According to NASA, the Galileo spacecraft has received a green light from the White House and the Department of Energy. An environmental impact statement has been cleared, since Galileo will use a small amount of plutonium in its generator instead of solar panels for its power. And the spacecraft is on the shuttle's launch schedule for October 1989.

What makes the Galileo mission unique is that it will use the gravity and orbital motion of Venus and Earth to hurtle toward its ultimate objective - Jupiter. This path was devised in July 1986 after delays and other setbacks left the Galileo orbiter/atmospheric probe far short of the fuel needed to take a direct route to Jupiter.

In an interview at the Jet Propulsion Laboratory (JPL) here, William J. O'Neil, science and mission design manager for Galileo says that despite the project's troubled history, the outcome includes ``everything we ever hoped to do. The delays have been unfortunate, but they've allowed us to get smarter and smarter. The mission has been enriched.''

Three months after its prospective launch date in 1989, Galileo is scheduled to swing by Venus. ``Our main enthusiasm is for Venus,'' says JPL's Robert W. Carlson, talking about the mission's bonus targets. He heads a team using an infrared device that will map, track, and analyze the chemistry of Venus's cloud cover to altitudes unreachable by previous techniques. The device, called a near-infrared mapping spectrometer, opens a window on a new wavelength range for studying Venus.

The results are likely to have implications for Earth, where scientists are concerned about the ``greenhouse effect'' - a warming of global climate traced to a buildup of carbon dioxide in the atmosphere.

Venus's fiery climate has often been cited as the greenhouse effect run amok - temperatures at the surface are hot enough to melt lead. By studying the chemistry of Venus's atmosphere in greater detail and on a wider scale than previously possible, Carlson's team hopes to pin down more precisely the impact of the greenhouse effect on Venus's climate.

In addition, he says, past studies have uncovered evidence that suggest chlorine is destroying ozone on Venus - a phenomenon also of concern on Earth. Ozone in the Earth's upper atmosphere shields the planet from much of the Sun's ultraviolet radiation.
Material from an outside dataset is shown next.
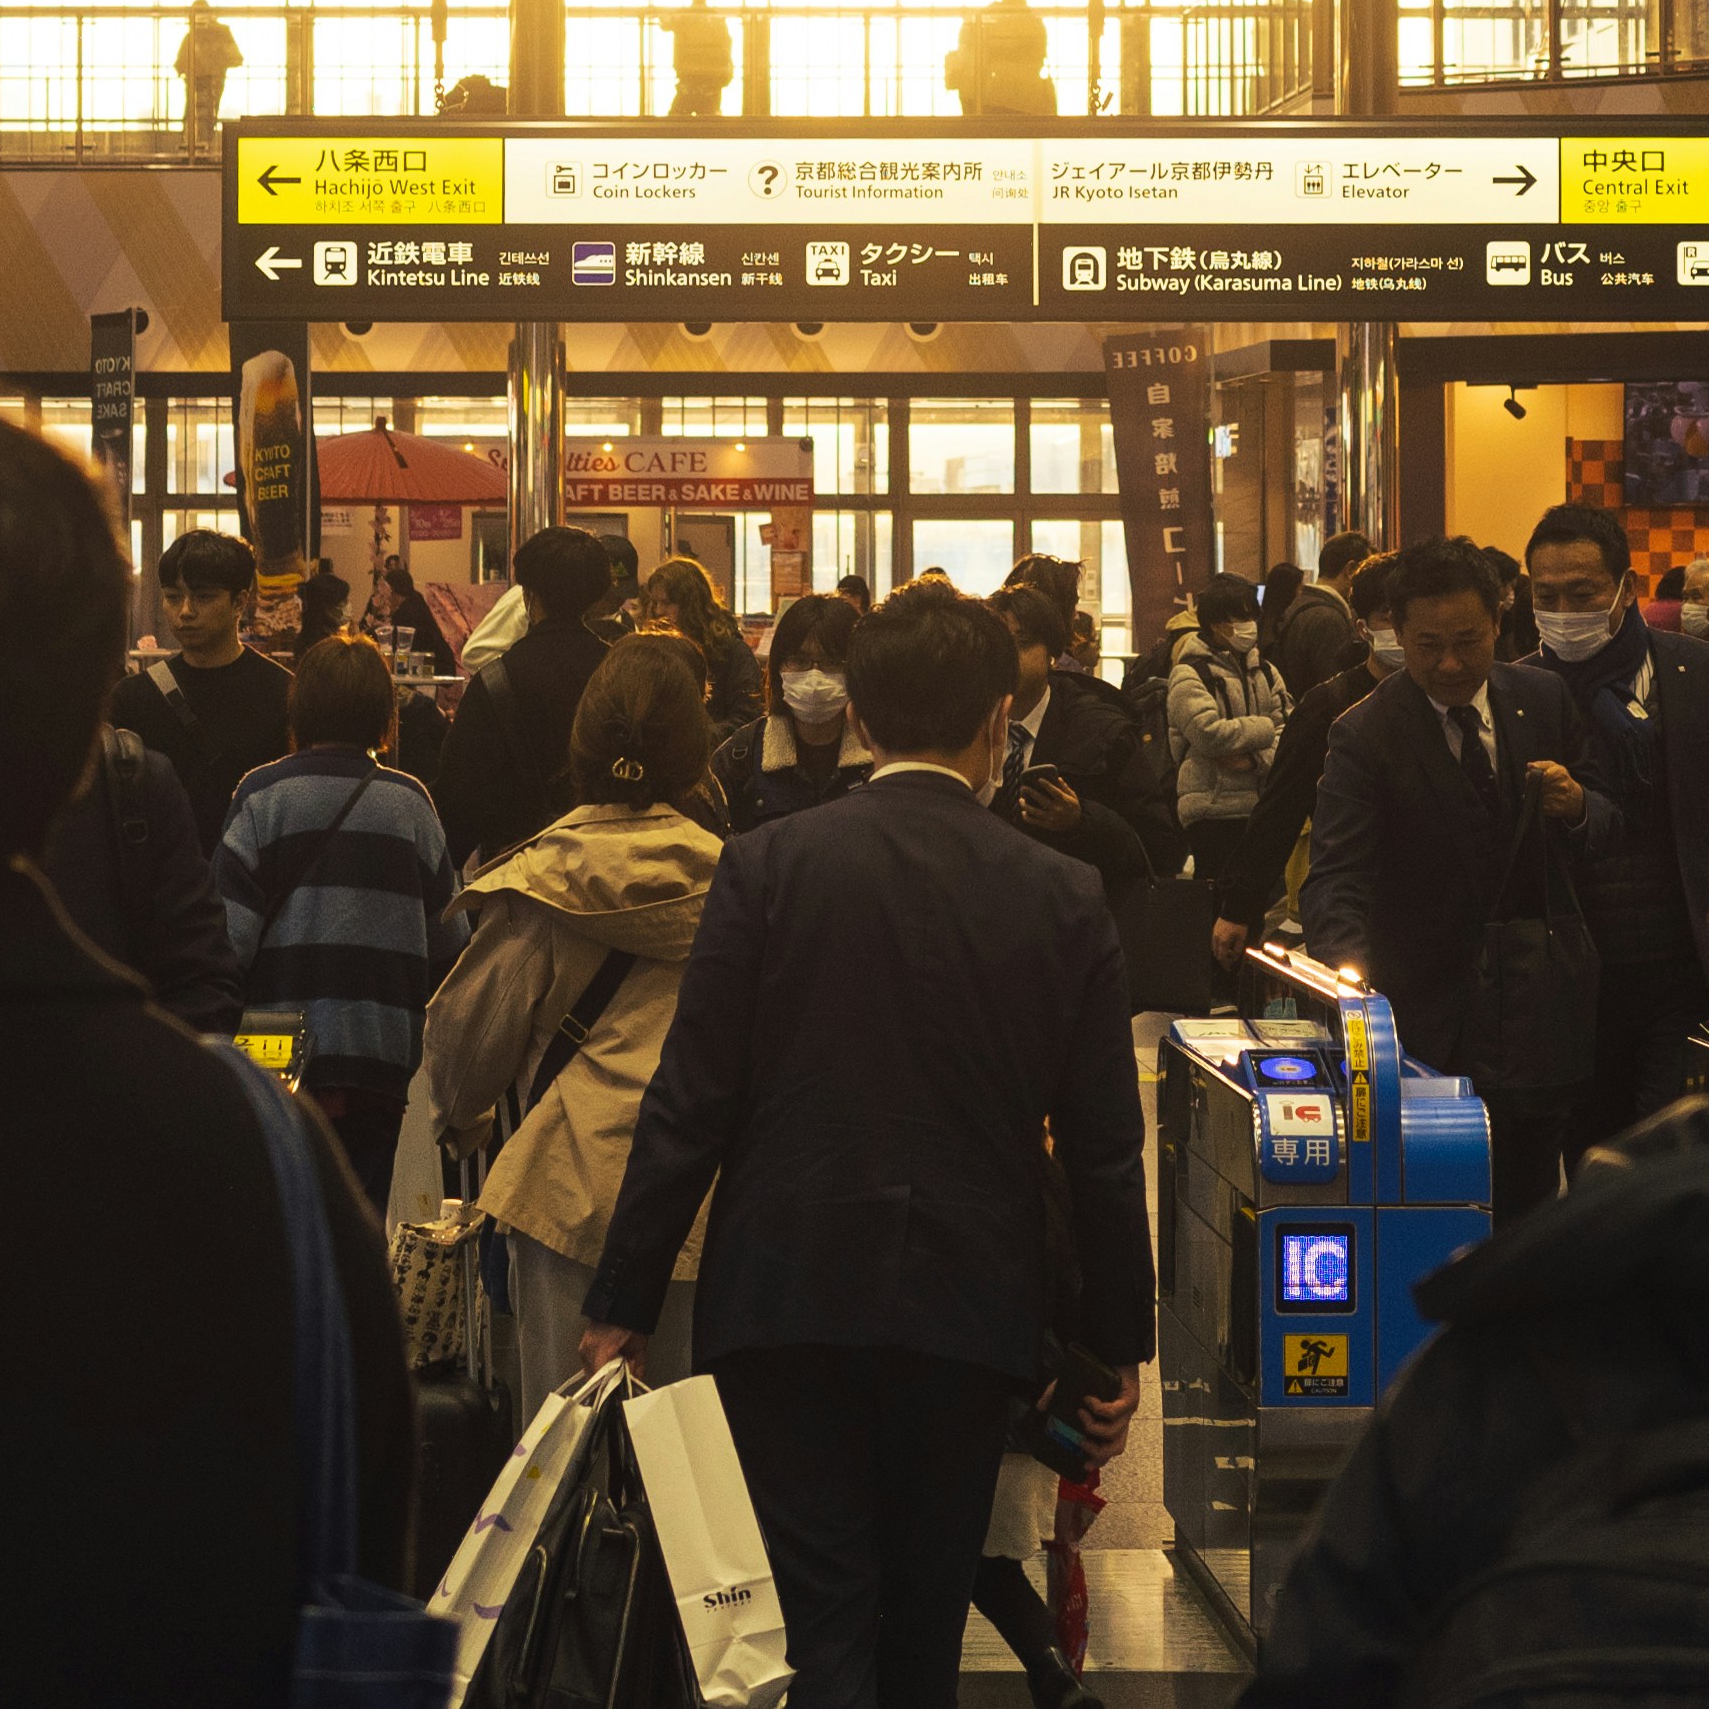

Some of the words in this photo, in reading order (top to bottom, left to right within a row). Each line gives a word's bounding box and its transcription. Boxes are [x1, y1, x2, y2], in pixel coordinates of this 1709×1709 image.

Carlson and his team are looking to verify and then study in greater detail the ozone destruction process on Venus.

Scientists using other instruments on the orbiter are equally as enthusiastic about the scientific opportunities resulting from the new mission profile.

The Earth-Venus-Earth portion of the flight marks the first time that a probe will return from interplanetary space - even if briefly. But this part of the mission is costly. The spacecraft will undergo about $20 million to $30 million in changes to protect some of its instruments from the sun, says JPL's Dr. O'Neil.

Once Galileo swings back by Earth in December 1990, it will fly out to its first asteroid, arriving in October 1991. From there it returns to Earth again in December of 1992; and flies past its second asteroid in August of 1993 on its way toward a Dec. 7, 1995, arrival at Jupiter.

Dr. Greeley says his team will use the Earth flybys to look at poorly understood features on the far side of the moon. Some of Galileo's thermal imaging equipment may be used to look for evidence of water in permanently dark parts of the moon.

The extra science from the new mission profile is a bittersweet bonus.

The project was approved as a new start for the fiscal year beginning October 1977. Originally, Galileo was to lift off in January 1982, follow a direct path to Jupiter, and arrive during the summer of 1985. The combined cost of development and data collection and analysis for that mission would have run at roughly $450 million, says O'Neil. Because of the delays, changes, and inflation, the combined cost is now expected to run to about $1.4 billion. Keeping Galileo on the ground and ready runs some $40 million to $50 million a year.

``The program has been threatened many, many times, and we've had to scramble many, many times to save it,'' O'Neil says. He adds that orbiter designers shoulder some of the blame for the delays. Initially, he says, they weighed in ``with what was then a woefully underestimated spacecraft mass. In all fairness, the spacecraft grew in mass almost to the same degree that the shuttle's capability diminished.''

But delays in development and from the added flight time to Jupiter have taken their toll.

``Frustration is the working word now,'' says Dr. Greeley. ``When we were ready for a May 1986 launch, graduate students were really geared up.'' Now he says, several have had to take other projects to get their degrees.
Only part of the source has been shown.